Basic Two-Phase Mass Transfer

import neqsim.fluidmechanics.flownode.twophasenode.twophasepipeflownode.AnnularFlow;
import neqsim.fluidmechanics.geometrydefinitions.pipe.PipeData;
import neqsim.thermo.system.SystemSrkEos;

// Create two-phase system
SystemSrkEos fluid = new SystemSrkEos(300.0, 50.0);
fluid.addComponent("methane", 0.90);
fluid.addComponent("CO2", 0.05);
fluid.addComponent("water", 0.05);
fluid.setMixingRule("classic");

// Create pipe geometry
PipeData pipe = new PipeData(0.1);  // 0.1 m diameter

// Create flow node
AnnularFlow node = new AnnularFlow(fluid, pipe);
node.init();
node.initFlowCalc();

// Enable mass transfer
node.getFluidBoundary().setMassTransferCalc(true);
node.getFluidBoundary().solve();

// Get results
double[] molarFlux = node.getFluidBoundary().getMolarFlux();
System.out.println("CO2 flux: " + molarFlux[1] + " mol/m²·s");

With Thermodynamic Corrections

// Enable activity coefficient corrections
node.getFluidBoundary().setThermodynamicCorrections(0, true);  // Gas
node.getFluidBoundary().setThermodynamicCorrections(1, true);  // Liquid

// Enable Stefan flow correction
node.getFluidBoundary().setFiniteFluxCorrection(0, true);
node.getFluidBoundary().setFiniteFluxCorrection(1, true);

node.getFluidBoundary().solve();

CO₂ Absorption with Reaction

import neqsim.thermo.system.SystemSrkCPAstatoil;

// Create system with amine
SystemSrkCPAstatoil fluid = new SystemSrkCPAstatoil(313.15, 30.0);
fluid.addComponent("nitrogen", 0.85);
fluid.addComponent("CO2", 0.10);
fluid.addComponent("water", 0.04);
fluid.addComponent("MDEA", 0.01);
fluid.setMixingRule(10);  // CPA mixing rule

// Use reactive film model
// The enhancement factor is calculated automatically
// based on reaction kinetics and Hatta number

References

  1. Solbraa, E. (2002).

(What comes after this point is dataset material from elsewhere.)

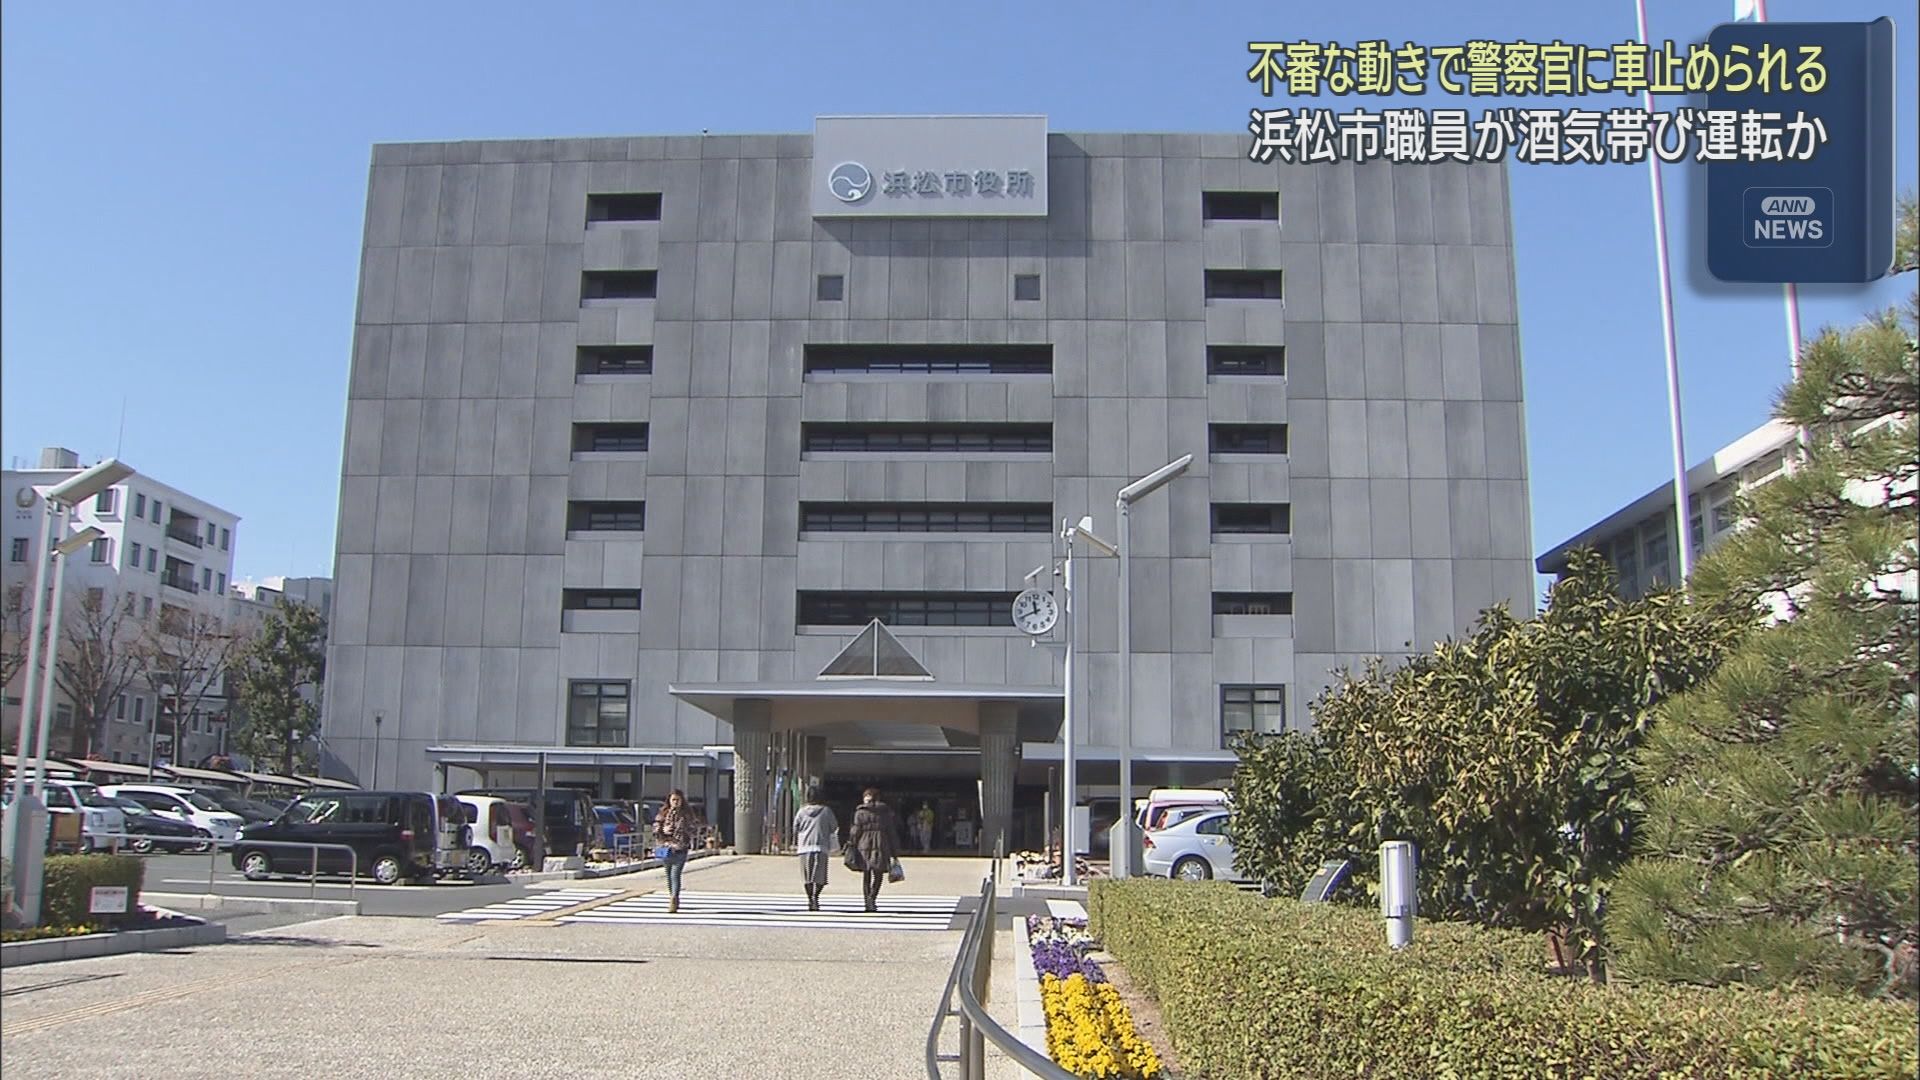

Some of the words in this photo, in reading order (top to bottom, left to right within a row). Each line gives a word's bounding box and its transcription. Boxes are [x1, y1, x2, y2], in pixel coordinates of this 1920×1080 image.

[882, 169, 1035, 197] 浜松市役所

Equilibrium and Non-Equilibrium Thermodynamics of Natural Gas Processing. Dr.ing. thesis, NTNU. NVA

  2. Krishna, R., Standart, G.L. (1976). Mass and energy transfer in multicomponent systems. Chem. Eng. Commun., 3(4-5), 201-275.

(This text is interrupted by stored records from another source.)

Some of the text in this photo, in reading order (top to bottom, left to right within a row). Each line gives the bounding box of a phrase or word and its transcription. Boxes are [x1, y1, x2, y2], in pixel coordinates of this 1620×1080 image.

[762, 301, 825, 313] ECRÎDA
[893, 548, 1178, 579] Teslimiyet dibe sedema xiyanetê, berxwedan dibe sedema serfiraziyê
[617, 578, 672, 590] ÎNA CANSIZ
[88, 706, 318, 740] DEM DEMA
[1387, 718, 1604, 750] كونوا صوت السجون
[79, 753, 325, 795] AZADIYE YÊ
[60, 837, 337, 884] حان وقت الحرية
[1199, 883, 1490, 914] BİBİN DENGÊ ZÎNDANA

  3. Taylor, R., Krishna, R. (1993). Multicomponent Mass Transfer. Wiley.

  4. Danckwerts, P.V. (1970). Gas-Liquid Reactions. McGraw-Hill.

  5. Poling, B.E., Prausnitz, J.M., O’Connell, J.P. (2001). The Properties of Gases and Liquids. 5th ed. McGraw-Hill.

  6. Rinker, E.B., Ashour, S.S., Sandall, O.C. (1995). Kinetics and modelling of carbon dioxide absorption into aqueous solutions of N-methyldiethanolamine. Chem. Eng. Sci., 50(5), 755-768.